§ WHAT YOU NEED TO DO
Leave out the pictures and restate the rest of the data exactly.

§ Images for object localization
::::::
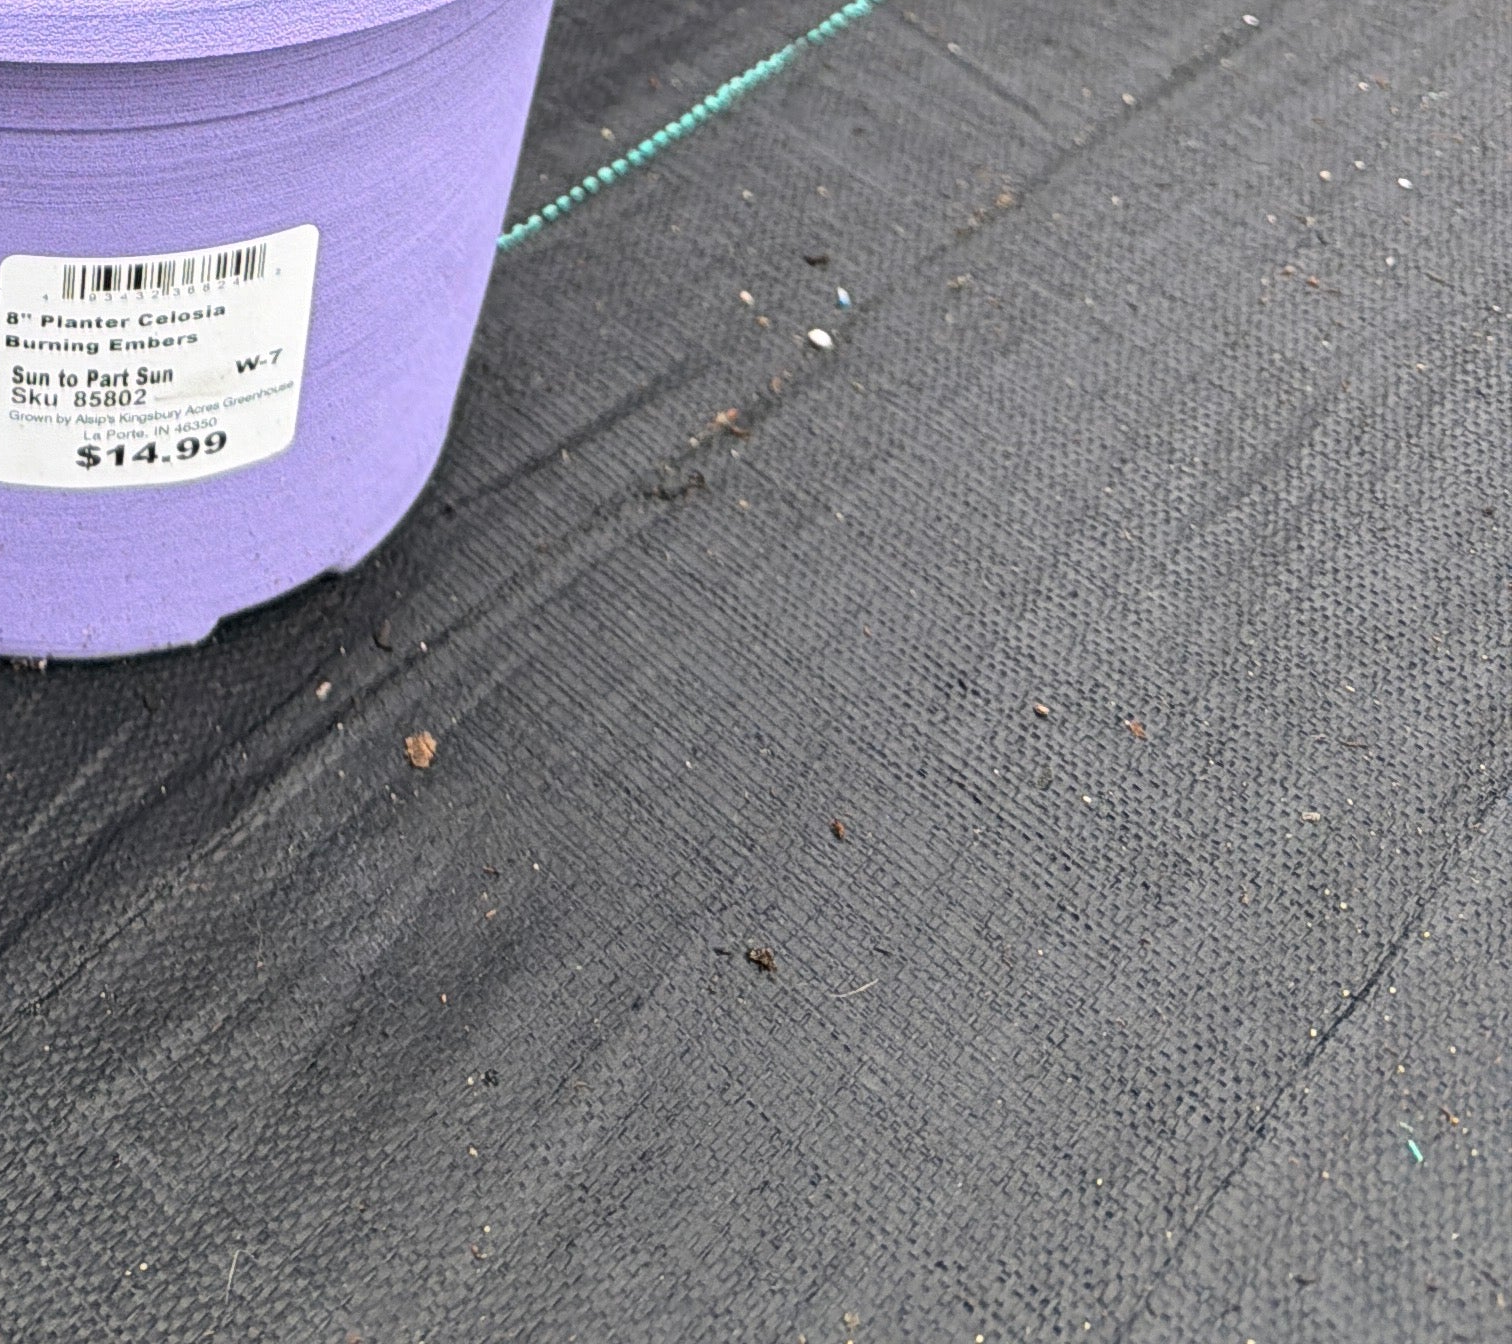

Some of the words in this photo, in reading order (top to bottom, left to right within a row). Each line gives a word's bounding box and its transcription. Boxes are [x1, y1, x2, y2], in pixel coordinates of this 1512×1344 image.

[6, 311, 32, 325] 8"
[40, 314, 130, 329] Planter
[138, 304, 226, 327] Celosia
[5, 334, 99, 355] Burning
[109, 333, 198, 351] Embers
[235, 347, 283, 374] W-7
[11, 365, 50, 387] Sun
[58, 369, 78, 388] to
[86, 368, 129, 388] Part
[136, 366, 174, 386] Sun
[9, 409, 53, 423] Grown
[56, 412, 71, 426] by
[75, 413, 116, 426] Alsip's
[119, 409, 182, 425] Kingsbury
[185, 401, 220, 415] Acres
[223, 380, 294, 408] Greenhouse
[11, 387, 58, 407] Sku
[73, 388, 147, 407] 85802
[83, 429, 101, 441] La
[154, 424, 170, 436] IN
[174, 416, 218, 434] 46350
[75, 430, 227, 471] $14.99
::::::
§ TASK OUTPUT
Some of the words in this photo, in reading order (top to bottom, left to right within a row). Each line gives a word's bounding box and its transcription. Boxes are [x1, y1, x2, y2], in pixel coordinates of this 1512×1344 image.

[6, 311, 32, 325] 8"
[40, 314, 130, 329] Planter
[138, 304, 226, 327] Celosia
[5, 334, 99, 355] Burning
[109, 333, 198, 351] Embers
[235, 347, 283, 374] W-7
[11, 365, 50, 387] Sun
[58, 369, 78, 388] to
[86, 368, 129, 388] Part
[136, 366, 174, 386] Sun
[9, 409, 53, 423] Grown
[56, 412, 71, 426] by
[75, 413, 116, 426] Alsip's
[119, 409, 182, 425] Kingsbury
[185, 401, 220, 415] Acres
[223, 380, 294, 408] Greenhouse
[11, 387, 58, 407] Sku
[73, 388, 147, 407] 85802
[83, 429, 101, 441] La
[154, 424, 170, 436] IN
[174, 416, 218, 434] 46350
[75, 430, 227, 471] $14.99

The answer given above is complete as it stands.